- **Work instructions**: Give the listing again, word for word, and let no picture into it.

- **Given data**:
::::::
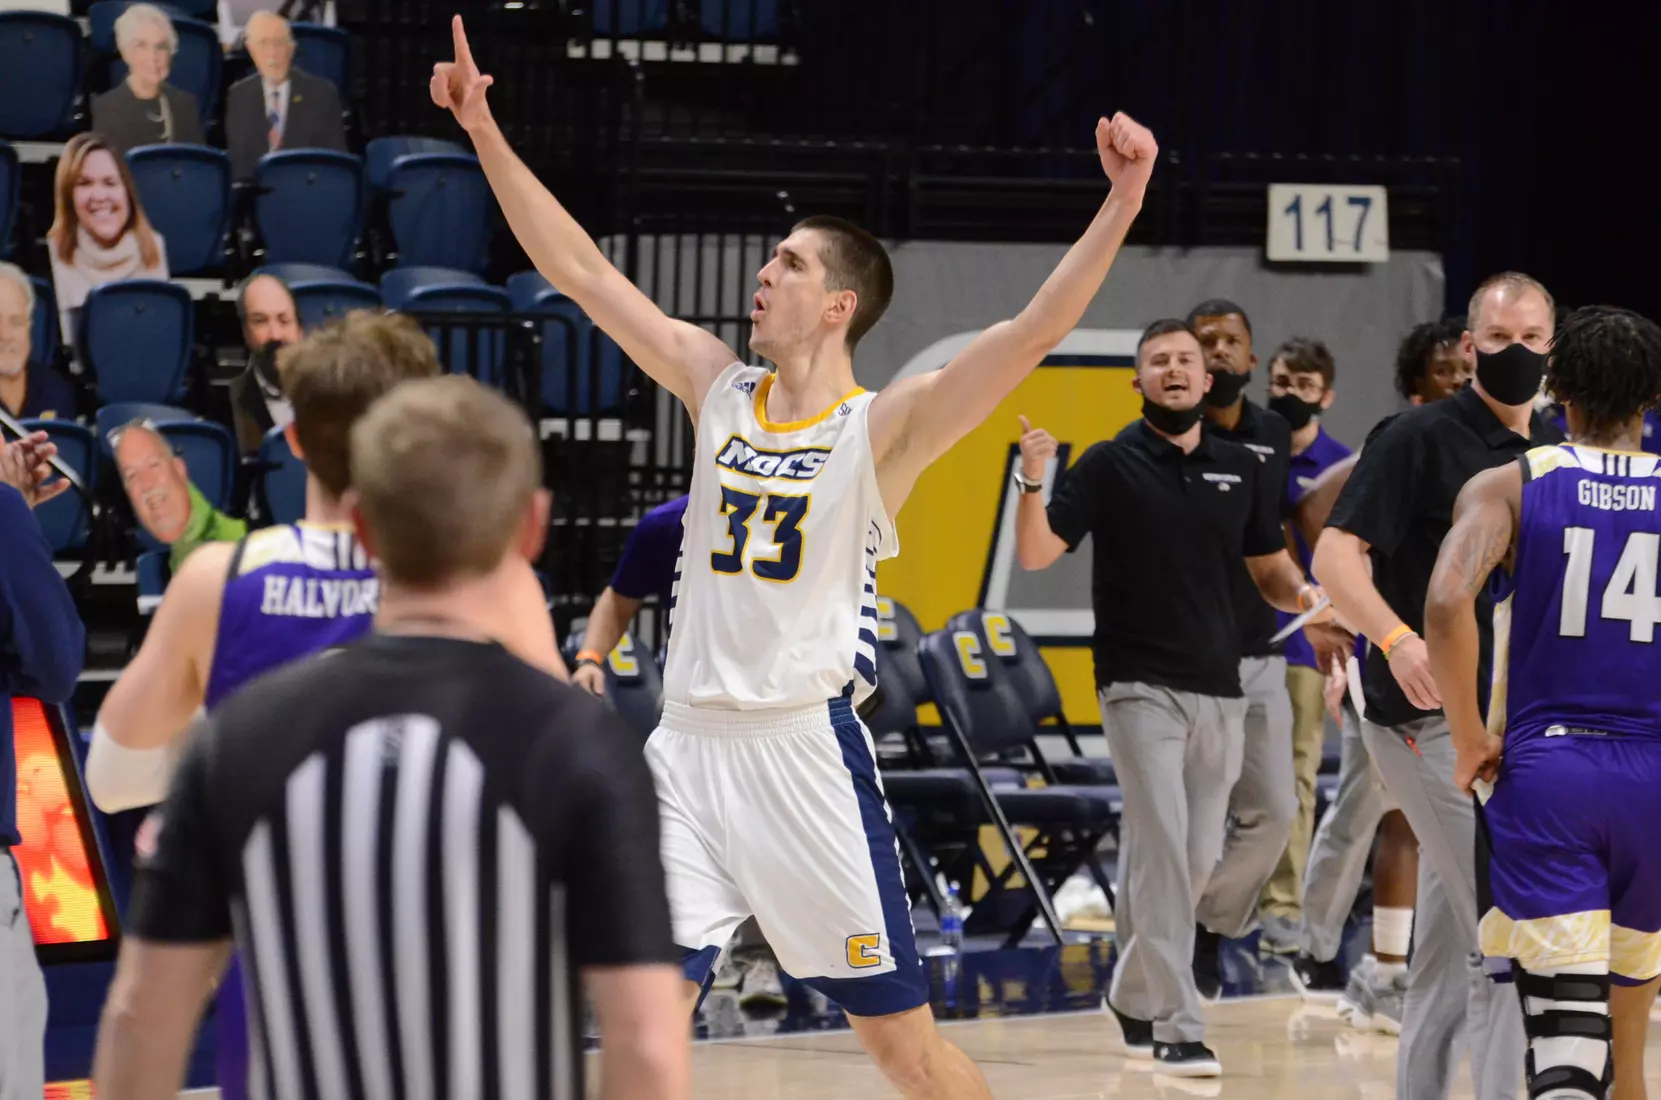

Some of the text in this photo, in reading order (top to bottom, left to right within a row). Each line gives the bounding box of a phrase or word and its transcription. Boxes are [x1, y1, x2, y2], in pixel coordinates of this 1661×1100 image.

[1284, 194, 1372, 252] 117
[1578, 479, 1656, 511] GIBSON
[711, 486, 809, 582] 33
[1559, 527, 1661, 643] 14
[953, 631, 987, 678] C
[981, 612, 1016, 656] C
[846, 933, 881, 968] C
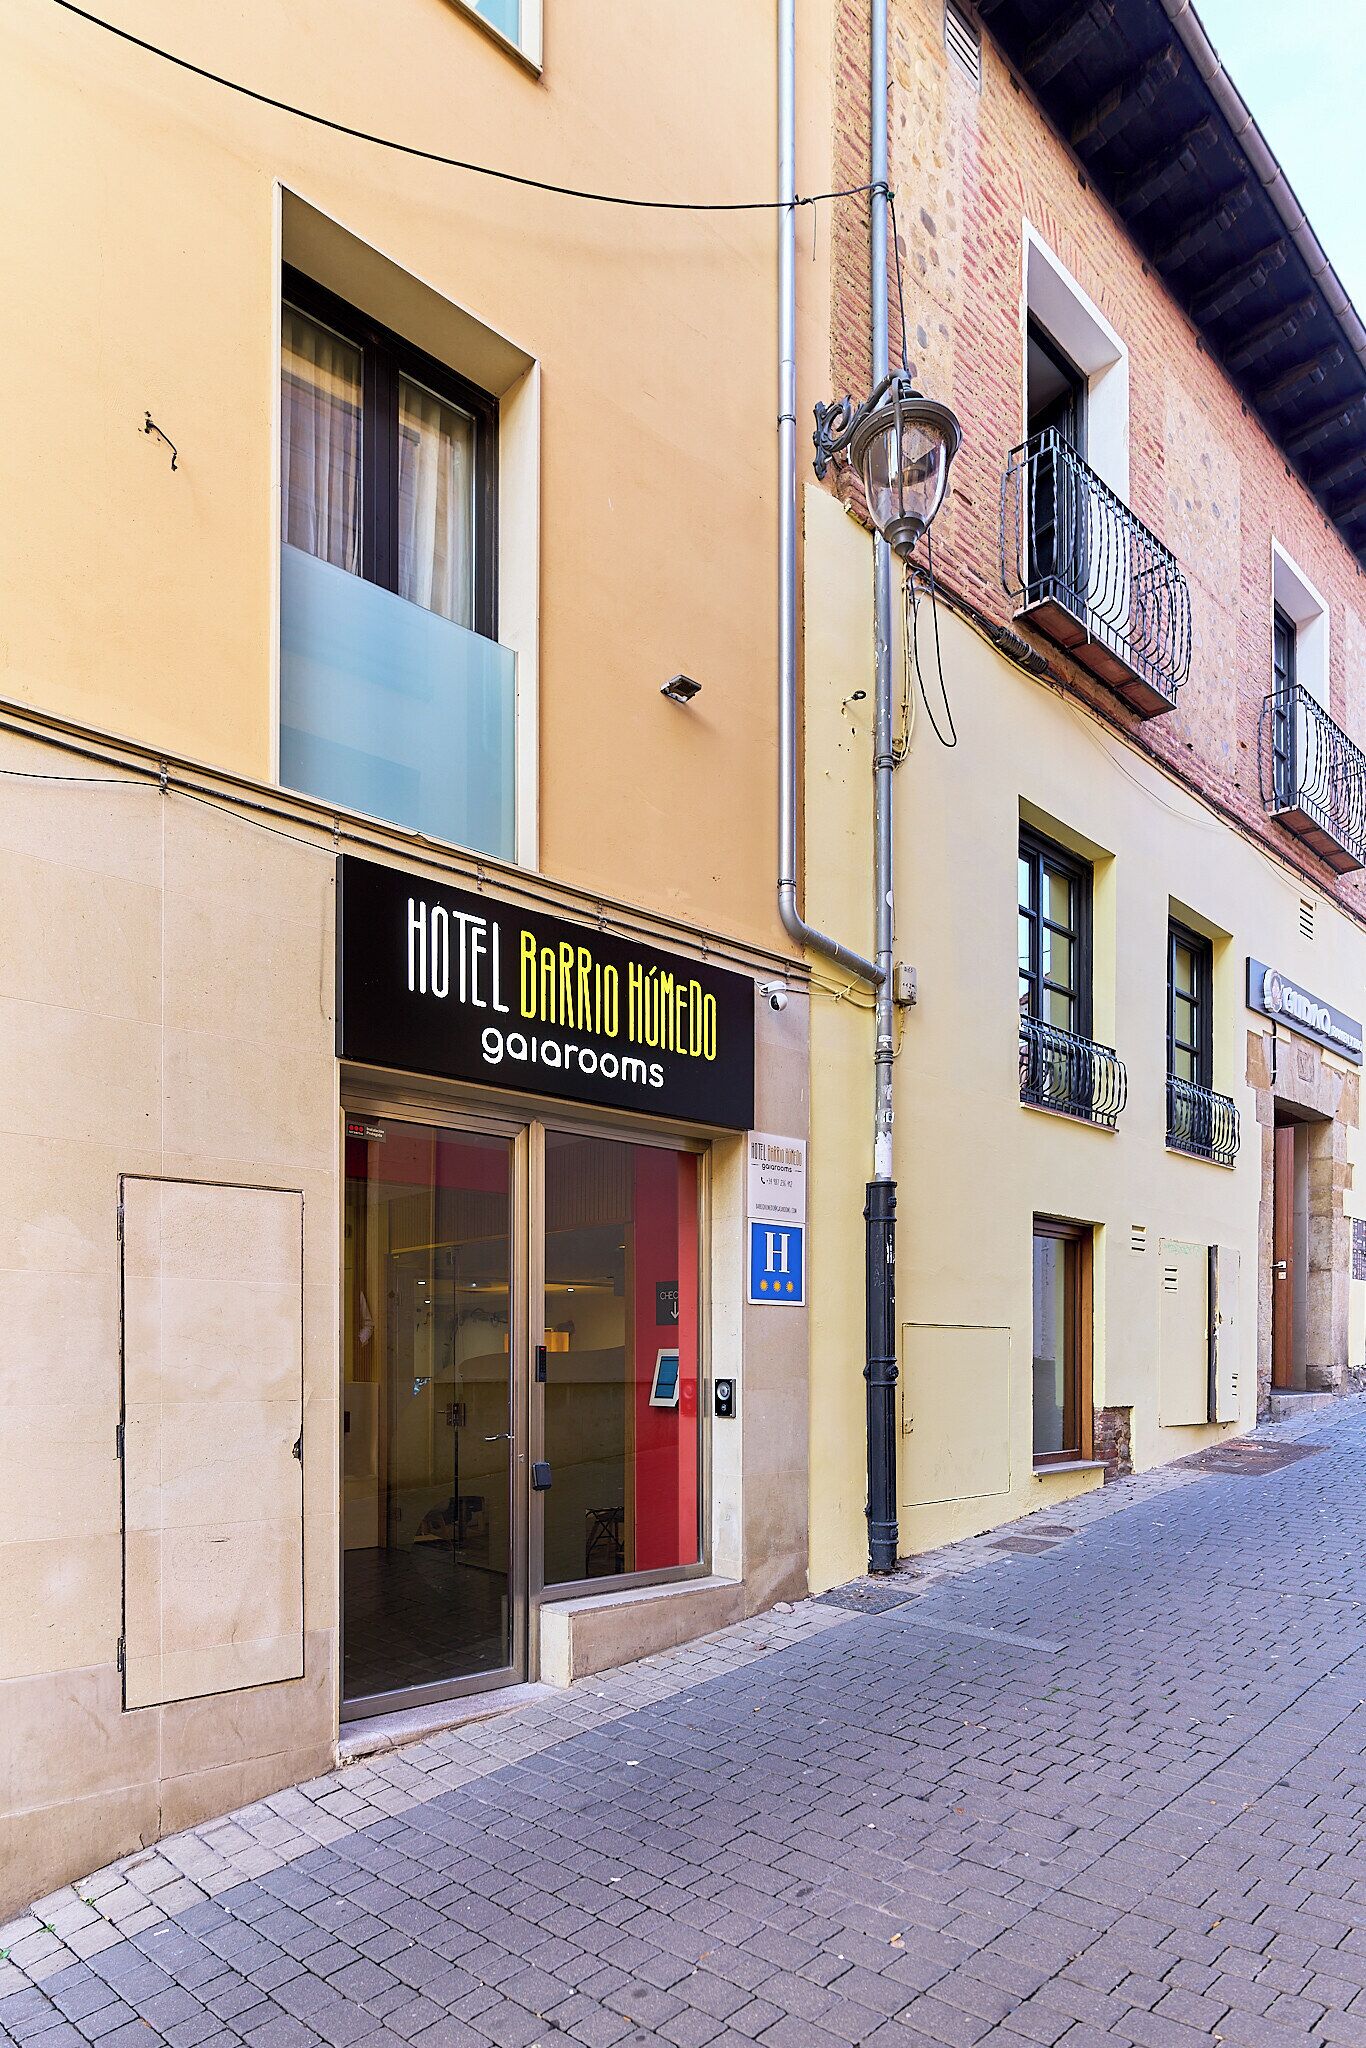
::::::
- **Result of this task**:
Some of the text in this photo, in reading order (top to bottom, left to right within a row). Each line gives the bounding box of a phrase or word and its transcription. Boxes are [x1, y1, x2, y2], in pixel coordinates of this 1661×1100 image.

[1284, 194, 1372, 252] 117
[1578, 479, 1656, 511] GIBSON
[711, 486, 809, 582] 33
[1559, 527, 1661, 643] 14
[953, 631, 987, 678] C
[981, 612, 1016, 656] C
[846, 933, 881, 968] C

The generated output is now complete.